ENTRIES SUPPLIED Start Marker

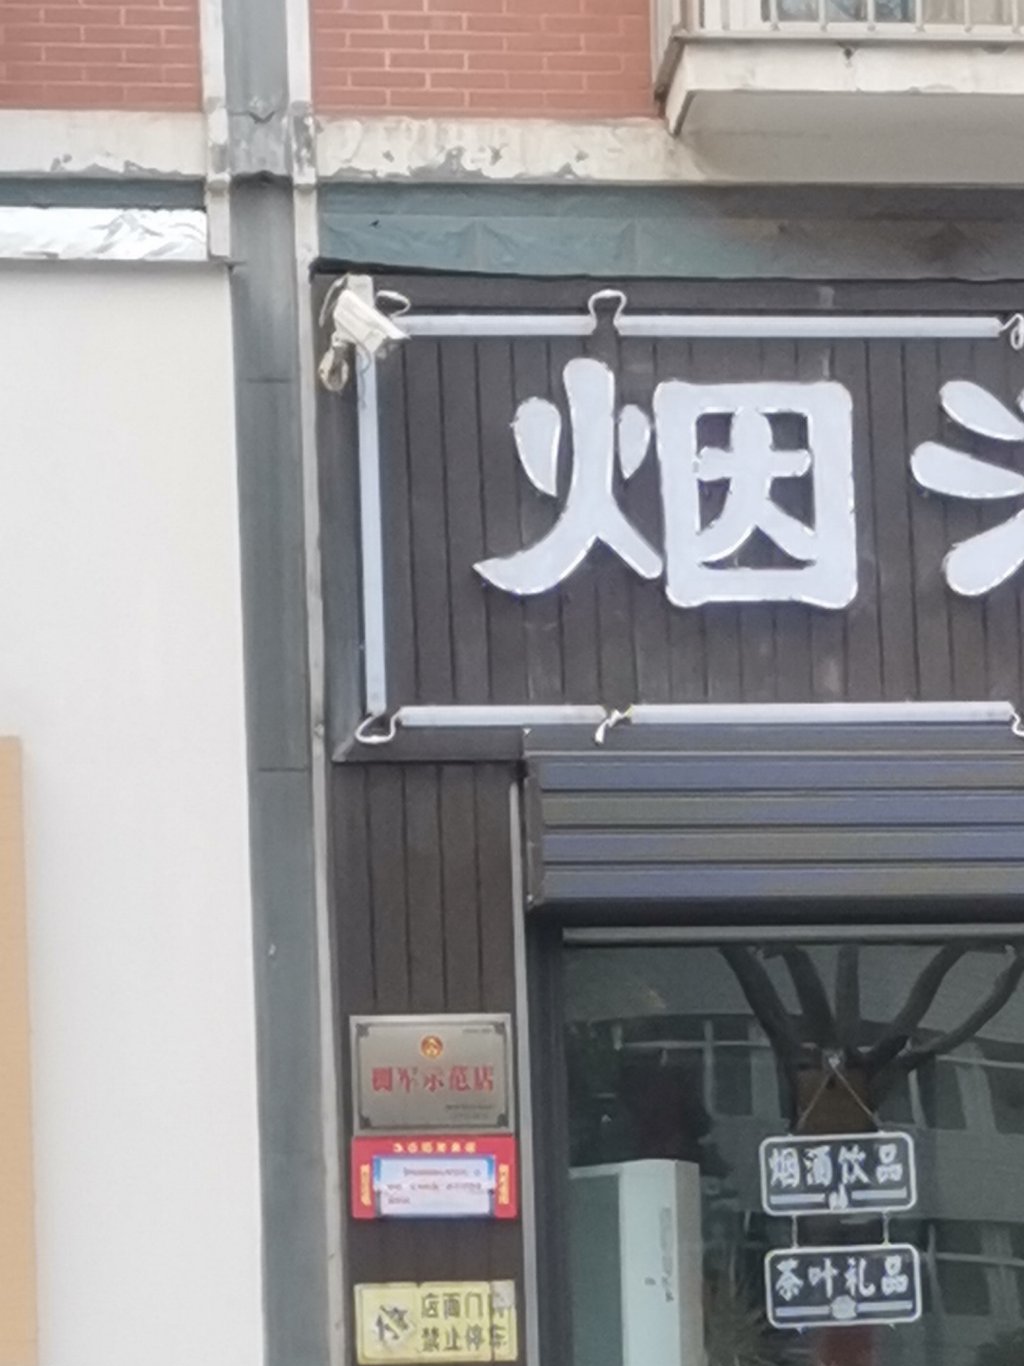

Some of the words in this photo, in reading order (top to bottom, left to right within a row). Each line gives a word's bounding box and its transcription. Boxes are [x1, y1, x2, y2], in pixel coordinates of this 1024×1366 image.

[768, 1143, 904, 1188] 烟酒饮品
[775, 1255, 909, 1301] 茶叶礼品
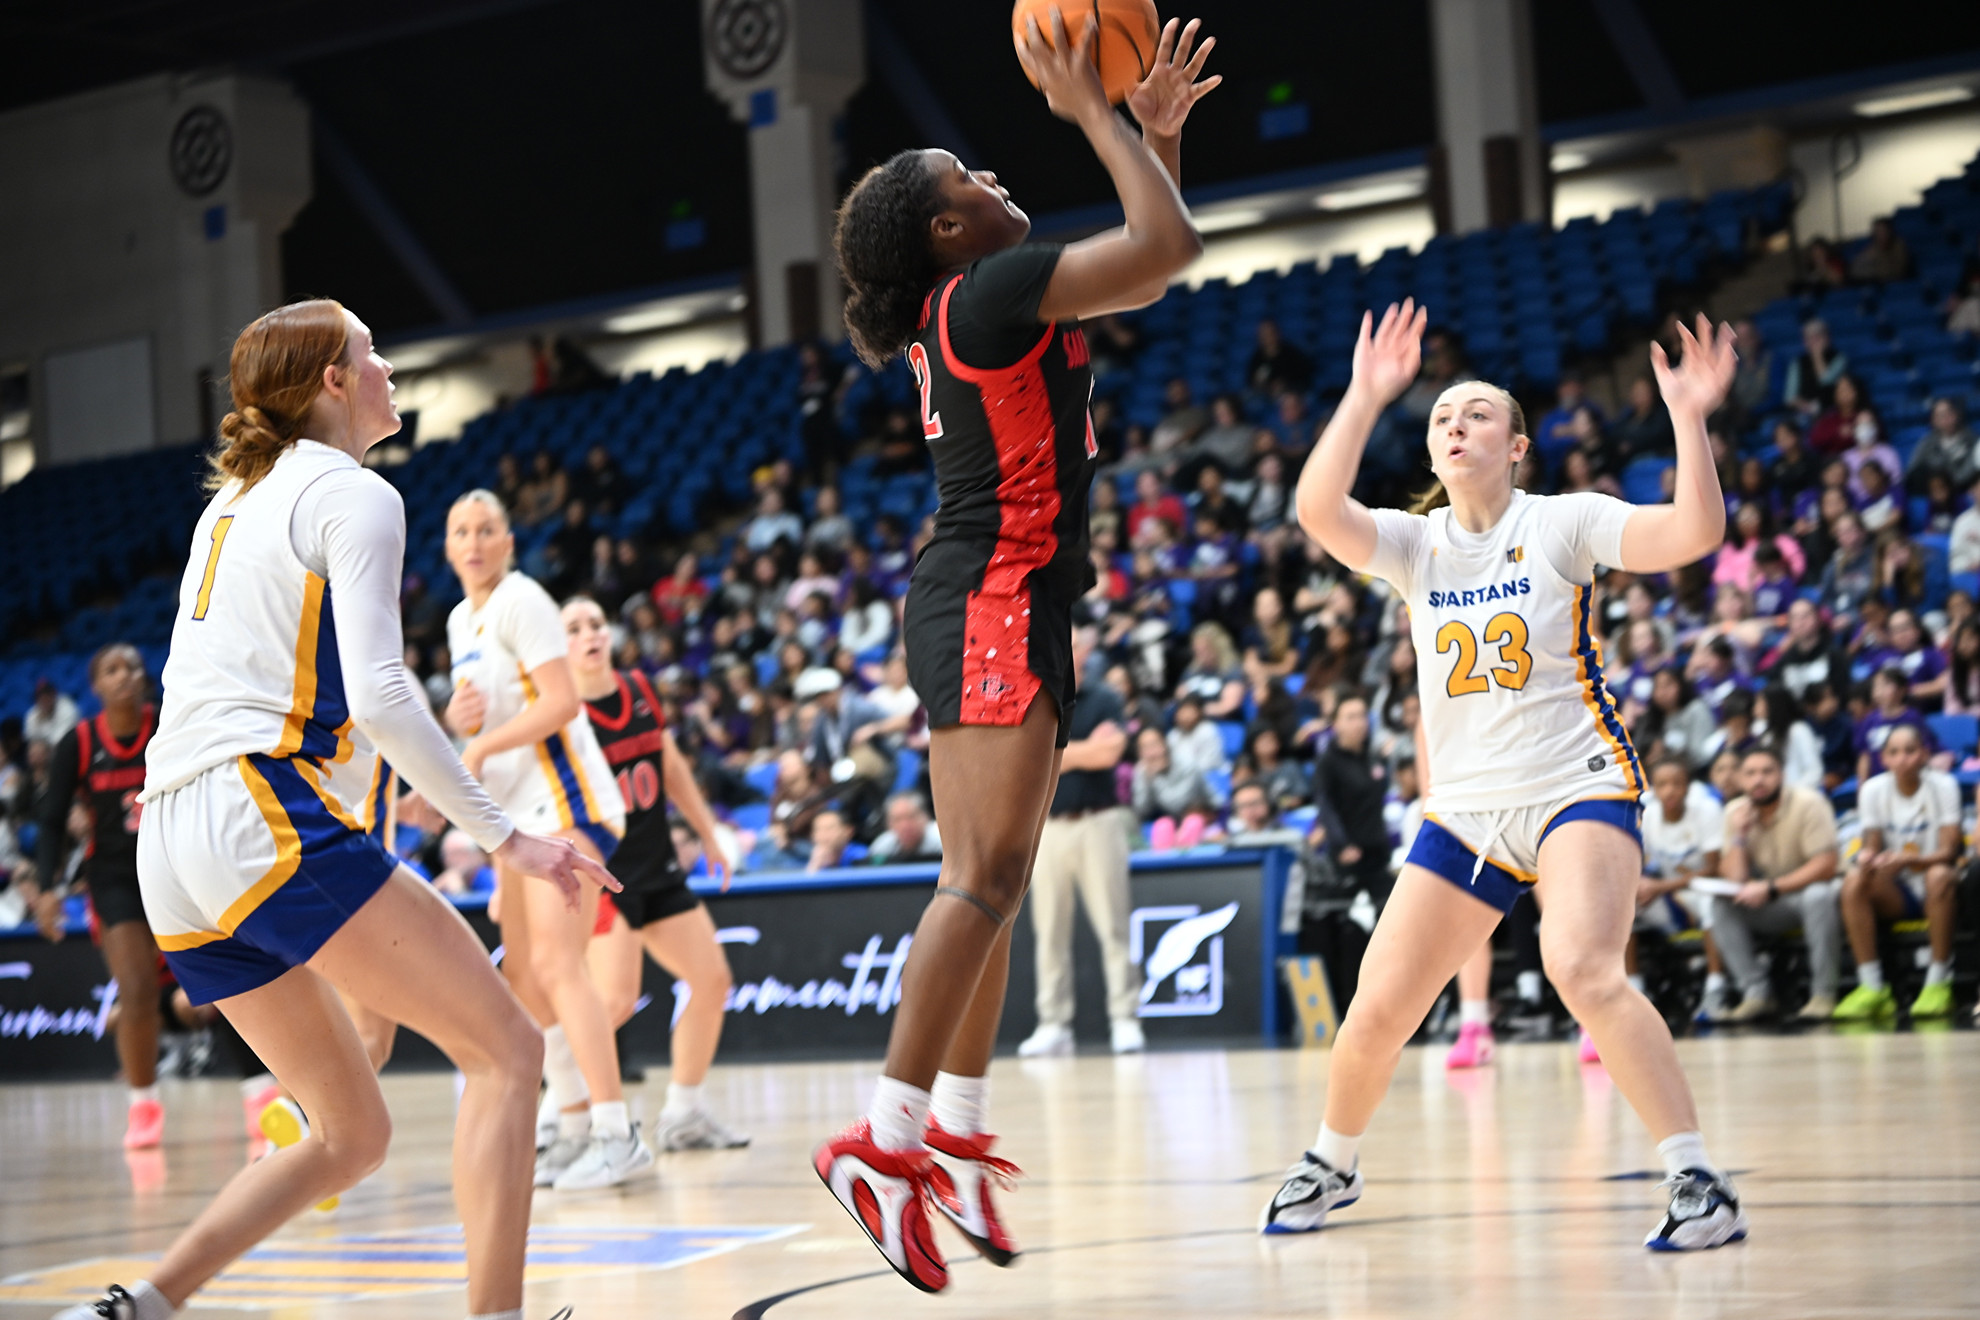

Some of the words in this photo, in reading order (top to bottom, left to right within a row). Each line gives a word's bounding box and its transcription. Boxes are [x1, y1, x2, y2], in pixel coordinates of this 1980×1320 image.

[191, 514, 235, 621] 1
[1436, 611, 1533, 698] 23
[616, 760, 659, 813] 10

ENTRIES SUPPLIED End Marker

> _AIM OF THE TASK_: Return the listing above in full and without alteration, excluding its pictures.

> _RESULT FOR THIS TASK_:
Some of the words in this photo, in reading order (top to bottom, left to right within a row). Each line gives a word's bounding box and its transcription. Boxes are [x1, y1, x2, y2], in pixel coordinates of this 1024×1366 image.

[768, 1143, 904, 1188] 烟酒饮品
[775, 1255, 909, 1301] 茶叶礼品

Some of the words in this photo, in reading order (top to bottom, left to right within a row). Each line gives a word's bounding box and its transcription. Boxes are [x1, y1, x2, y2], in pixel coordinates of this 1980×1320 image.

[191, 514, 235, 621] 1
[1436, 611, 1533, 698] 23
[616, 760, 659, 813] 10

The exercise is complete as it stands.